Montage tidbits

Martin Harris. Now, there’s a person who loves his job!

Even though the camera work is a little shaky, I recommend the Montage demonstration by Martin Harris of Yamaha.

Martin’s demo concentrates on acoustic and electric pianos, section and solo strings, brass, Irish whistle and pads — all from a cinematic perspective. Not much EDM here.

I like Martin’s demonstrations because he adds information about sample and voice development. Even though he calls it a “whistle stop tour,” it’s more like a tour of the world. Yamaha have traveled the world to sample the best instruments and players. Here are a few examples as mentioned by Martin:

  • Section and solo strings: Seattle
  • Brass: Los Angeles (L.A. horns)
  • Classical men’s choir: Germany
  • Classical boy’s choir: Estonia
  • Flamenco guitar: Madrid
  • Brazilian percussion: Sao Paulo
  • Turkish percussion: Istanbul
  • Iranian percussion: Tehran
  • Middle Eastern percussion: Bahrain
  • Irish whistle: Ireland

Before people complain about the cost of a top-of-the-line keyboard like the Montage or Tyros, they really should take the cost and time of sampling and voice development into account!

The Montage CFX grand piano is all new sampling. Martin stated the compressed total waveform size as 300 Mbytes, approaching 1 GBytes uncompressed. At demo time (April 2016), the Montage CFX was the biggest sampled piano in the Yamaha line. The Rhodes and Wurlitzer electric pianos are also new sampling.

Guitars also got an update. Martin and Gibson steel guitars were sampled. The sampled Telecaster is a $60,000, 1957 vintage Tele. Martin mention how, in the past, Yamaha removed the dirt from samples. Today they leave in some of the idiosynracies, charm and character.

If you enjoyed Martin’s demo, here are a few blog posts to check out. Last April, I made a list of new waveforms in the Montage vs. the Motif XF. I also wrote a thought piece about waveform memory size and sample development.

New sound development, including sampling, is a continual, on-going process at Yamaha. In an era when waveform memory is relatively big and inexpensive, sound developers need to work overtime in order to fill available memory space. I think the limiting factor now is the amount of time and human resources available to produce new samples and to program new expressive voices.

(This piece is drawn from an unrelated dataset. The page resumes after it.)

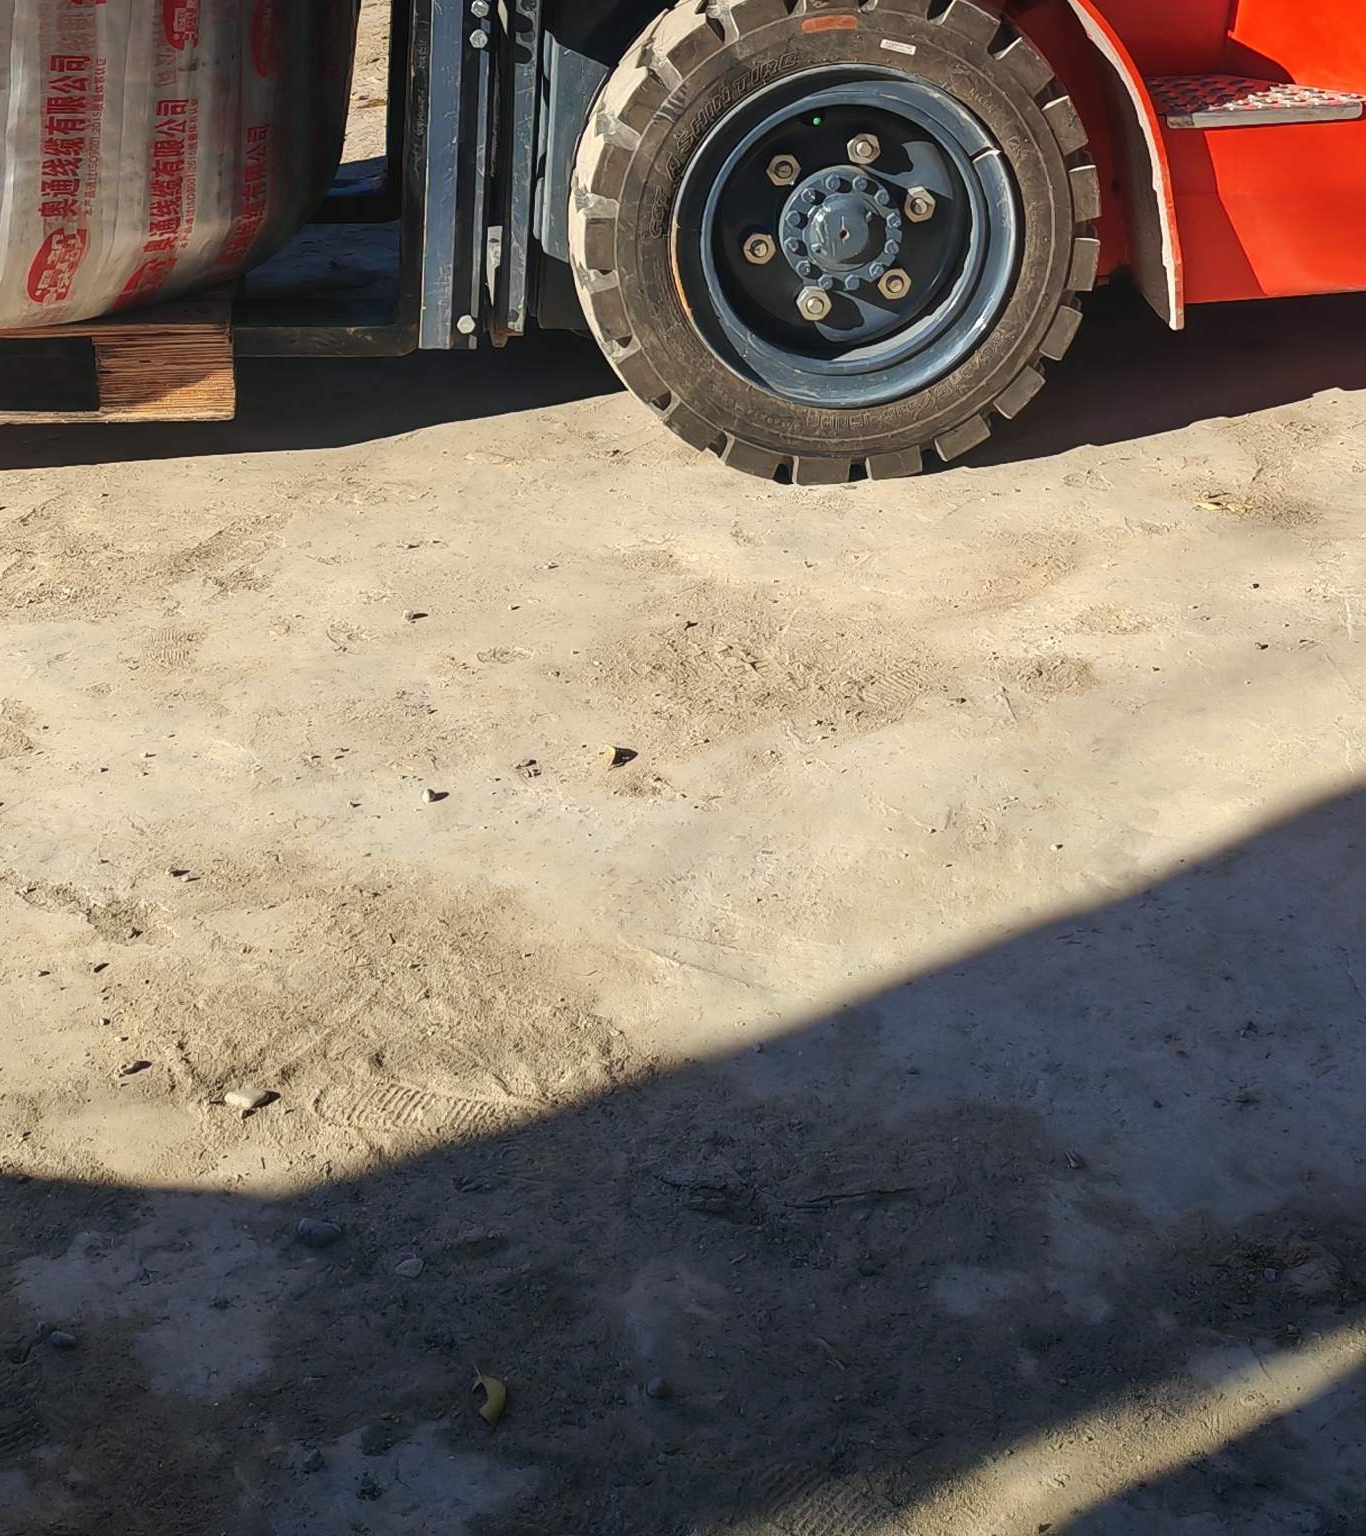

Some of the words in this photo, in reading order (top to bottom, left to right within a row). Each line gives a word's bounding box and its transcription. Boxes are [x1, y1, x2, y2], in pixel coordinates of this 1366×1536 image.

[38, 54, 91, 218] 奥通线缆有限公司
[143, 99, 189, 254] 奥通线缆有限公司

Copyright © 2017 Paul J. Drongowski

Sampling “scat”

In this post, I describe the process and tools that I used to capture samples for my jazz scat voice. I will eventually release the voice (for the Yamaha PSR-S950 workstation) and its samples under the Creative Commons attribution license. I’m not the best singer, so I’ve had to rely on technology as much as possible while still producing a musical result. I want to emphasize that I sang, edited and produced all of the samples and the voice patch; it is original work.

The jazz scat voice is inspired by the (in)famous “jazz voice” patch found in Roland keyboards. The Roland patch is based on samples from the Spectrasonics Vocal Planet library by Eric Persing and Robby Duke. Their work was clearly influenced by Take 6 and other contemporary a cappella artists.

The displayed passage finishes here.